In any case there is a kind of an aspiration in all the four kinds of prayers. All aspiration is a manifestation of a will; therefore if somebody defines prayer as ‘an expression of free will’, it would be quite good, except that contrary is not true: free will, expression of free will need not necessarily be a prayer. In the prayer there is a new ingredient which is that of ‘a sense of submission’. In every sense of prayer there is an admission or a confession that one to whom you pray is superior to you and you want help from him. But in every exercise of free will, it need not necessarily be so. So, all free will is not prayer, but all prayer can be defined as an exercise of free will.

Question: Actual physical pain, the body pain, does it cease to impact you as you move upwards, or you can disassociate with your body more easily?

That is true, that is true. One can more easily bear the pain. But that may not be a kind of a criteria whether you have risen up or not, it depends on the kind of pain. Like Sri Ramakrishna, He had the pain of throat cancer, so merely because He was in pain does not mean that He has not risen high. Ramana Maharshi for example, he had cancer of his arm, he was in great pain and he used to groan the whole night , so…

Comment: Disassociation is easier?

Even disassociation is helpful but it is not a permanent disassociation, that capacity if very, very high to completely come out of it. You can have many experiences of disassociation from pain, for long hours, but again you come down. These are examples already with Sri Ramakrishna and Ramana Maharshi, even Christ was in pain in his agony, on the cross, agony of Christ is very famous in fact, it disassociate Himself…the bodily experience is a part of the movement upward, because it is out of that pain that aspiration rises very intensely to go upward, so you are not minus out from that, you can conquer it in a great way but not necessarily you can so conquer it until you reach a very high level. Ultimately that pain can be transformed into delight. Instead of feeling pain, you feel a very great delight. In fact even ordinarily, there are alternations between pleasure and pain and pain can become pleasure and pleasure can become pain. So, ultimately the intensest pain can be ecstasy in fact. So, shall we start now?

Question: Just a little question…regarding the pain…when has reached the stage of delight, the pain has turned into delight only then the real work can be done or it can be done at lower stages?,

No, all work is being done through all these experiences: the agony of Christ is also a manifestation of the work of the Divine, even through that in fact how many people in the world have been transformed because of the agony of Christ: so it’s a transforming force. Everything that is thrown into the sacrifice creates a fire which moves upwards. So, pain as well as pleasure, or joy all that is thrown into the sacrifice creates the fire which moves upward.

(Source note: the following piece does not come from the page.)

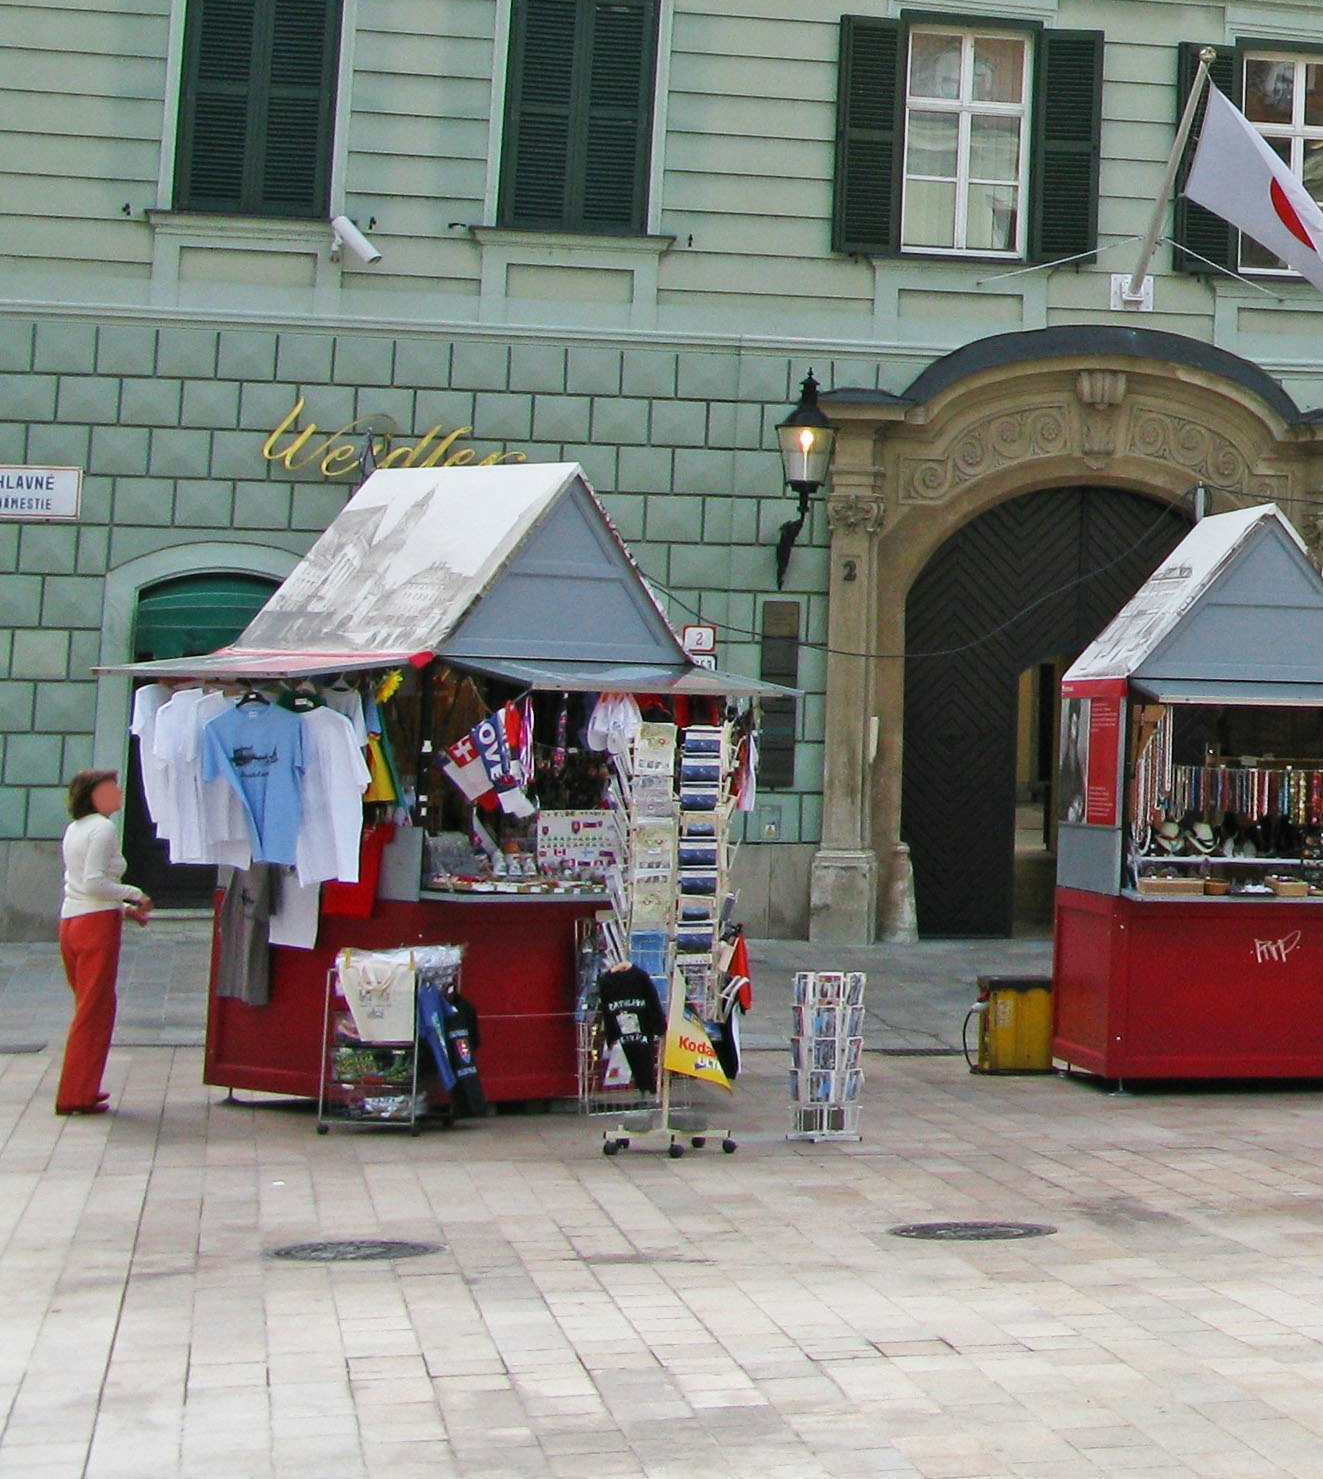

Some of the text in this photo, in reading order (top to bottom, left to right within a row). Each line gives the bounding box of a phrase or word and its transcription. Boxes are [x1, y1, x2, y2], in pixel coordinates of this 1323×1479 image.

Question: So, the real work is basically throwing that agony into the fire, to be able to disassociate to the extent that you can really do the real offering…,

Yes, it is not you.

Comment: It’s the Divine who is doing the work.,

Yes, that’s right. Correct.

Comment: So, through Christ, crucifixion, the work was that compassion came into this world? After all that brutality, after all it was his agony that created compassion in this world,

…Quite right, humanisation of humanity.

Shall we start now?

We have actually arrived at a very important stage when we completed chapter n°15. Now, chapter n°16 is a transition towards the revelation of the supreme secret of the Bhagavad Gita. It is there that the real answer to Arjuna is provided. So, we shall revisit again Arjuna’s question, so that we understand the answer better.